Born in Detroit, Michigan, Nagel was raised in Southern California and attended Los Angeles High School during World War II. He played quarterback for the football team and was a third team all-city selection his senior season in 1944. Nagel graduated in 1945 and enrolled at the University of California, Los Angeles (UCLA), where he was a three time letter-winner from 1946 to 1949 as a quarterback and halfback for the Bruins. Nagel played for head coach Red Sanders and was named all-Pacific Coast Conference and UCLA's Most Improved Player. He later earned bachelor's, master's, and law degrees from UCLA and was an assistant coach for the Bruins' football team.

Nagel played one year of professional football at age 26, with the Chicago Cardinals of the National Football League (NFL) as a player and scout in 1953. In March 1954, he was hired as assistant coach at the University of Oklahoma under head coach Bud Wilkinson. After a season in Norman, he returned to UCLA as an assistant for three seasons under Sanders.

==Head coach==
===Utah===
In January 1958, Nagel was named head coach at the University of Utah in Salt Lake City, then a member of the Skyline Conference. Just 30 years old with four young children, he was the youngest major college head coach at the time; he succeeded Jack Curtice, who left after eight seasons for Stanford University. Nagel's salary in 1958 was $12,000, a twenty percent increase from his previous position. Utah had won the conference title in 1957 with junior quarterback Lee Grosscup and sophomore safety Larry Wilson, a future member of the Pro Football Hall of Fame. Curtice accepted the Stanford job two weeks earlier, but delayed his departure until March to assist Nagel with the transition.

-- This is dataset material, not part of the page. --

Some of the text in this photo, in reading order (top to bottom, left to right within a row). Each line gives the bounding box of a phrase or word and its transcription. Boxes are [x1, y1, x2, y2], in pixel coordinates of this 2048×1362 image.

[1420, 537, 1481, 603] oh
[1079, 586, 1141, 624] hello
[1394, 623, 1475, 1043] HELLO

Nagel led the Utes for eight years, from 1958 through 1965. In 1962, he turned down the Nebraska job that eventually went to Bob Devaney, the head coach at conference rival Wyoming. That year Utah joined the new Western Athletic Conference (WAC) as a charter member. Nagel compiled a 42–39–1 record at Utah; his 1964 team was led by quarterback Pokey Allen, running back Ron Coleman, and receiver Roy Jefferson. They defeated West Virginia 32–6 in the Liberty Bowl, played indoors in New Jersey at the Atlantic City convention center, and finished with 9–2 record.

===Iowa===
Nagel was hired as the 21st head coach of Iowa football in December 1965. At age 38, he had just completed a 3–7 season in his eighth year at Utah, which led some to question his hiring. Some speculated at the time that finding a new coach had been difficult due to the problems which previous head coach Jerry Burns had reportedly experienced with athletic director Forest Evashevski. The Cedar Rapids Gazette reported, "At least four coaches either turned down the Hawkeye job or expressed no desire to talk about it." In five seasons as head coach, Burns' teams won just sixteen games, ending with a 1–9 record and a last place finish in the Big Ten in 1965.

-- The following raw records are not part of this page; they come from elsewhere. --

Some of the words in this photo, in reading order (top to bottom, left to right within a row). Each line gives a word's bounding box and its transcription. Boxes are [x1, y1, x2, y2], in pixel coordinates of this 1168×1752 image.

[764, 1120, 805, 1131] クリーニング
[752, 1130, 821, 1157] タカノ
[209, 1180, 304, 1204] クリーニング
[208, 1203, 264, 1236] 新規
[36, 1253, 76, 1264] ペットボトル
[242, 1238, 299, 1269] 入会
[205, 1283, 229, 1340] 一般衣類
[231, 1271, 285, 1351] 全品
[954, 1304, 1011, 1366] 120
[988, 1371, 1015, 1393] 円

Evy, as he was called, had compiled a 52–27–4 record as Iowa's head coach from 1952 through 1960. His teams won three Big Ten titles, two Rose Bowls, and finished in the top ten of the final AP Poll five times. Evashevski was understandably a popular figure with Iowa fans, a fact that would change over Nagel's tenure in Iowa City.

Nagel brought a talented coaching staff to Iowa; his assistants included George Seifert and Ted Lawrence. Lawrence had been the coach at Cedar Rapids Jefferson High School, and his son, Larry, was a star quarterback there.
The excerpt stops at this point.